=== Begin Enclosure ===

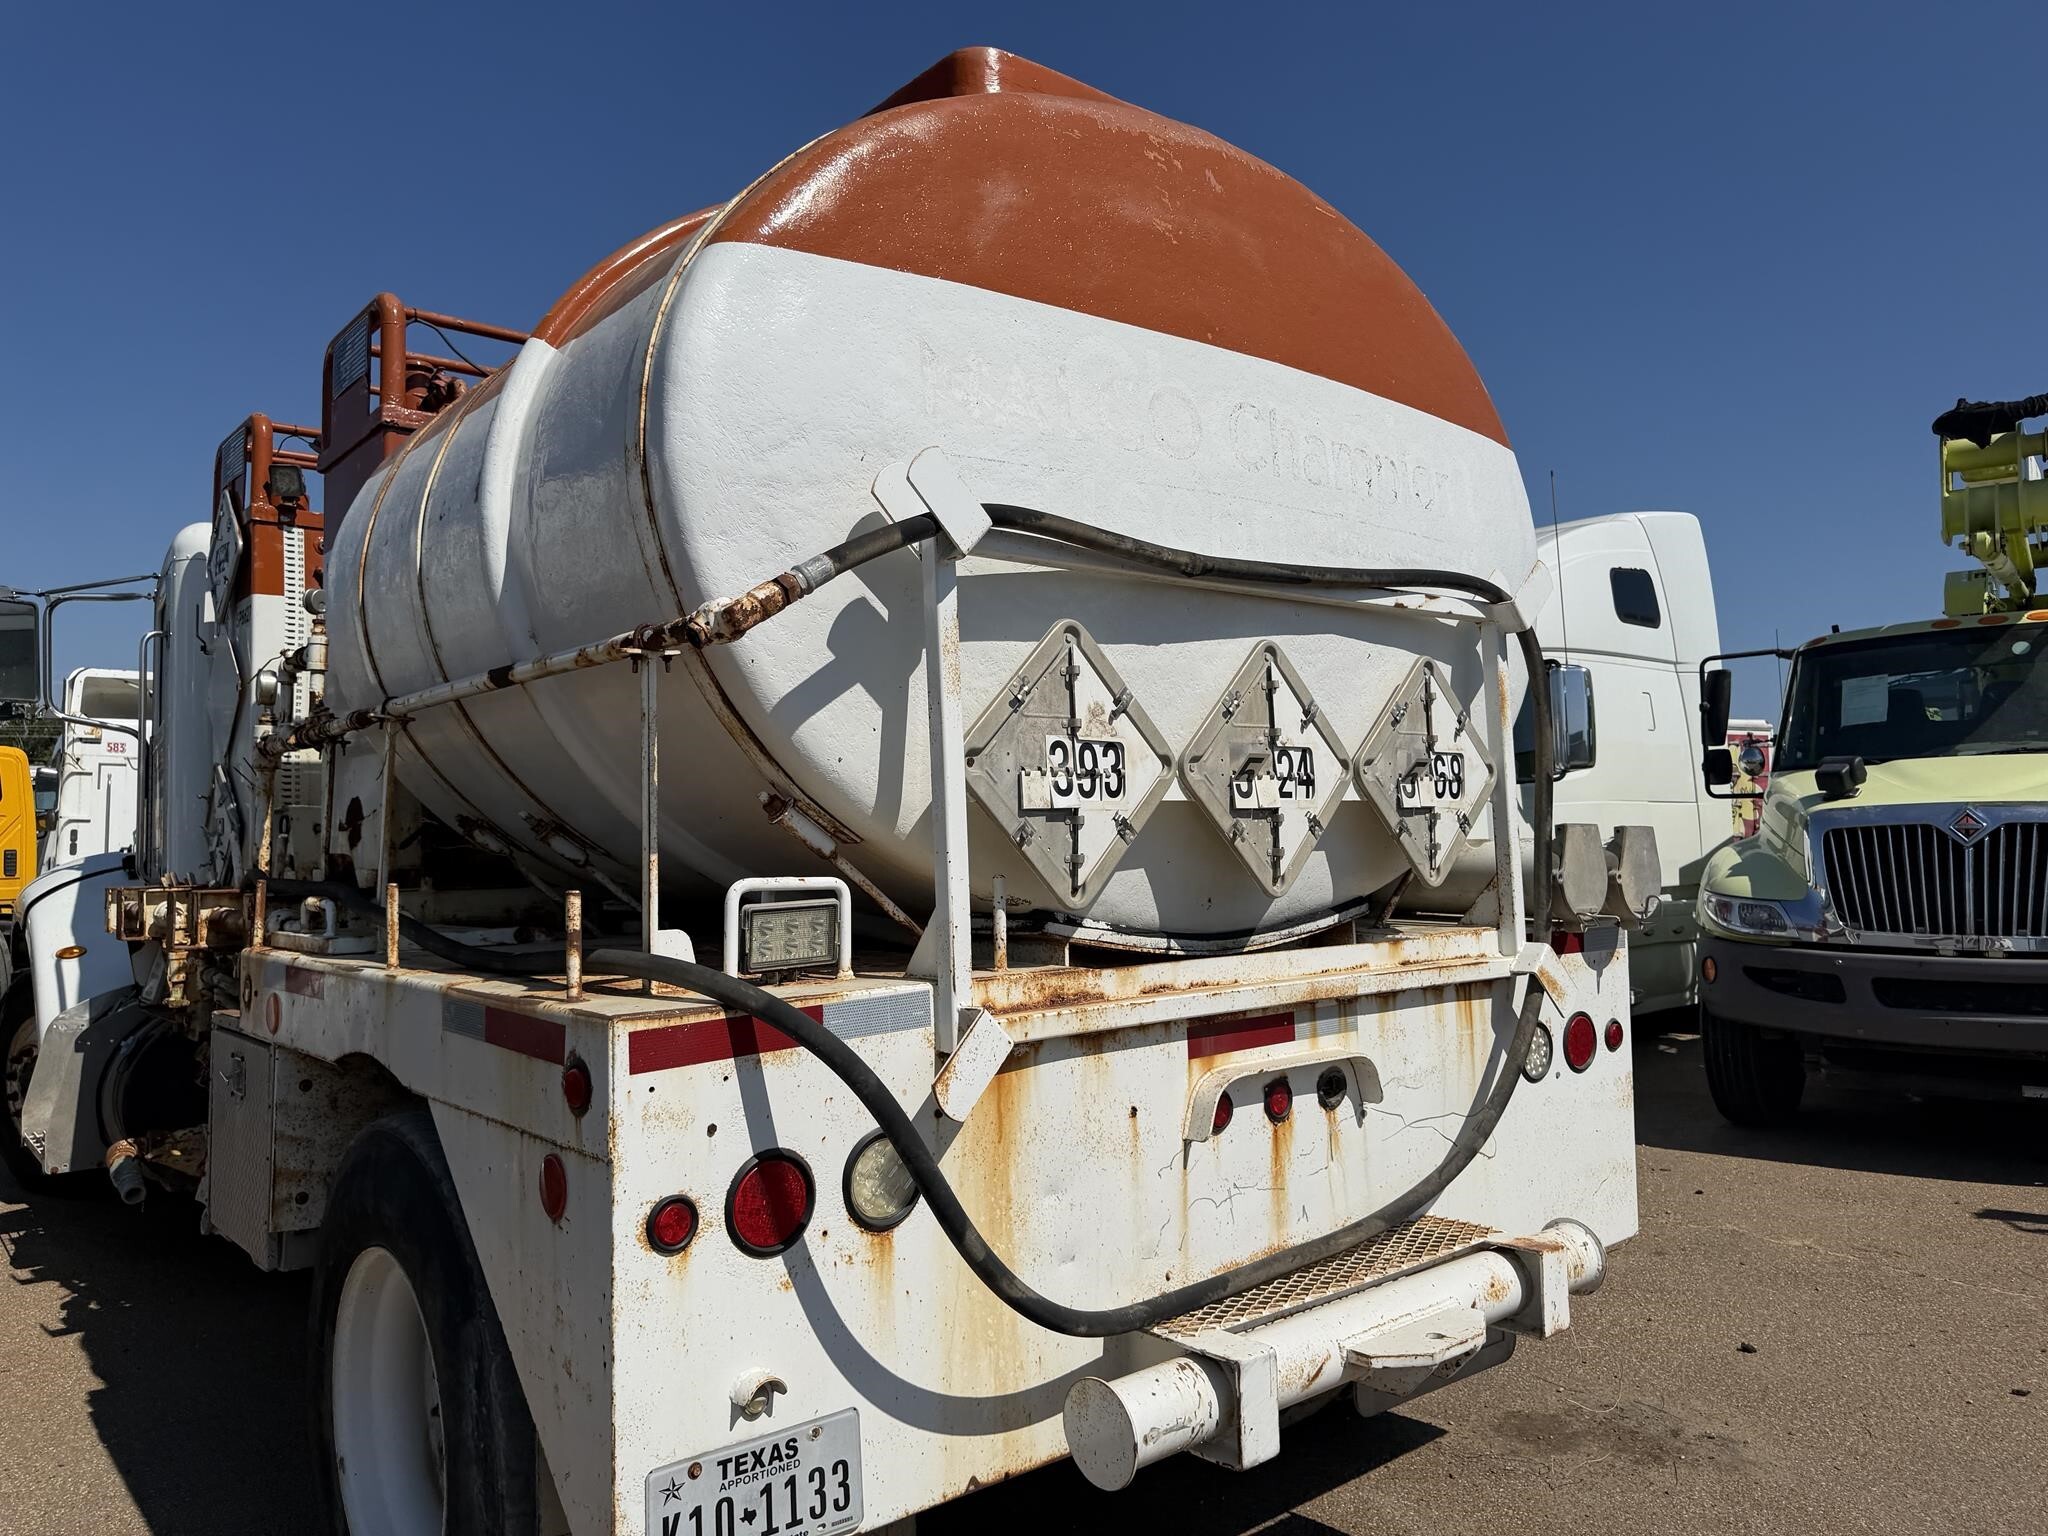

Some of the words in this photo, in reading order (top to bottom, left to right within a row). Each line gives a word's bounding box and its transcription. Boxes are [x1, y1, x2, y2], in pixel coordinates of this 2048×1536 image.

[107, 742, 127, 754] 583
[1049, 740, 1123, 799] 393
[1277, 748, 1314, 799] 24
[1434, 754, 1462, 800] 68
[717, 1437, 799, 1481] TEXAS
[719, 1458, 801, 1493] APPORTIONED
[760, 1459, 850, 1536] 1133
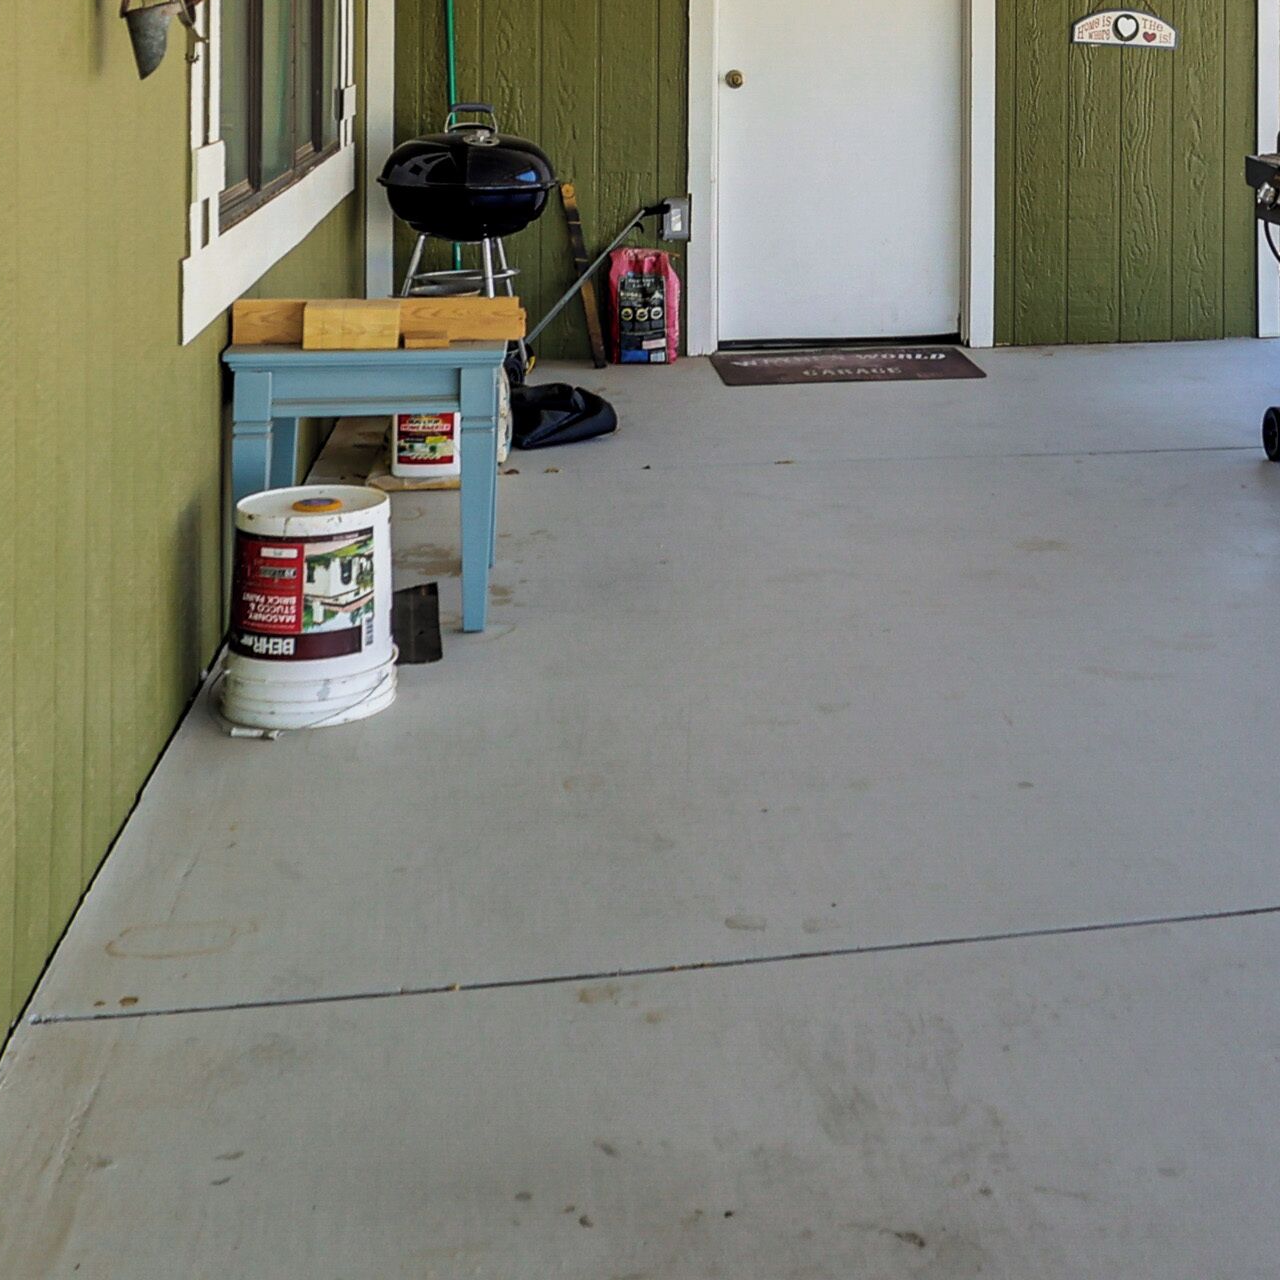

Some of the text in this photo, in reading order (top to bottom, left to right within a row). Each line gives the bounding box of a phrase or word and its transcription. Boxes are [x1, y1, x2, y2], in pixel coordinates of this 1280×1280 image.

[802, 367, 902, 376] GARAGE
[266, 595, 297, 606] BRICK
[257, 603, 297, 615] STUCCO
[253, 637, 295, 655] BEHR
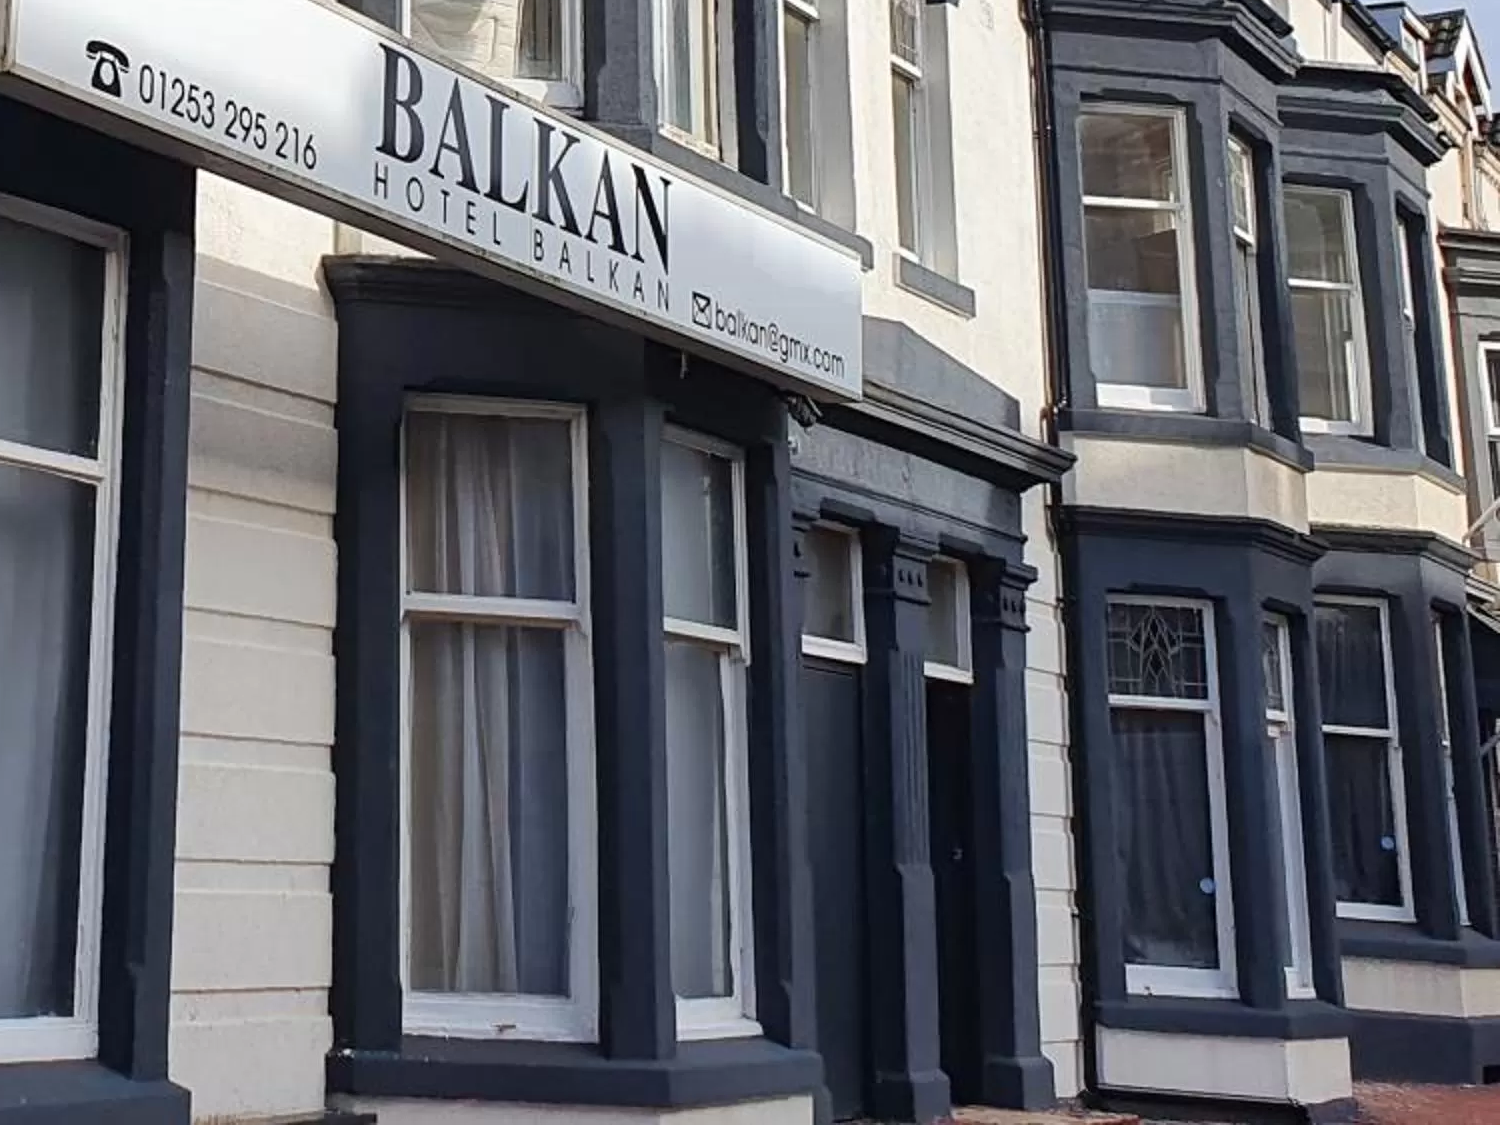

=== End Enclosure ===

TASK DESCRIPTION: Set down the data again, exactly, without images.

SOLVED PROBLEM:
Some of the words in this photo, in reading order (top to bottom, left to right within a row). Each line gives a word's bounding box and its transcription. Boxes are [x1, y1, x2, y2], in pixel coordinates of this 2048×1536 image.

[107, 742, 127, 754] 583
[1049, 740, 1123, 799] 393
[1277, 748, 1314, 799] 24
[1434, 754, 1462, 800] 68
[717, 1437, 799, 1481] TEXAS
[719, 1458, 801, 1493] APPORTIONED
[760, 1459, 850, 1536] 1133

Some of the text in this photo, in reading order (top to bottom, left to right within a row). Each line gives the bounding box of a phrase or word and its transcription. Boxes are [x1, y1, x2, y2], in pixel coordinates of this 1280×1280 image.

[802, 367, 902, 376] GARAGE
[266, 595, 297, 606] BRICK
[257, 603, 297, 615] STUCCO
[253, 637, 295, 655] BEHR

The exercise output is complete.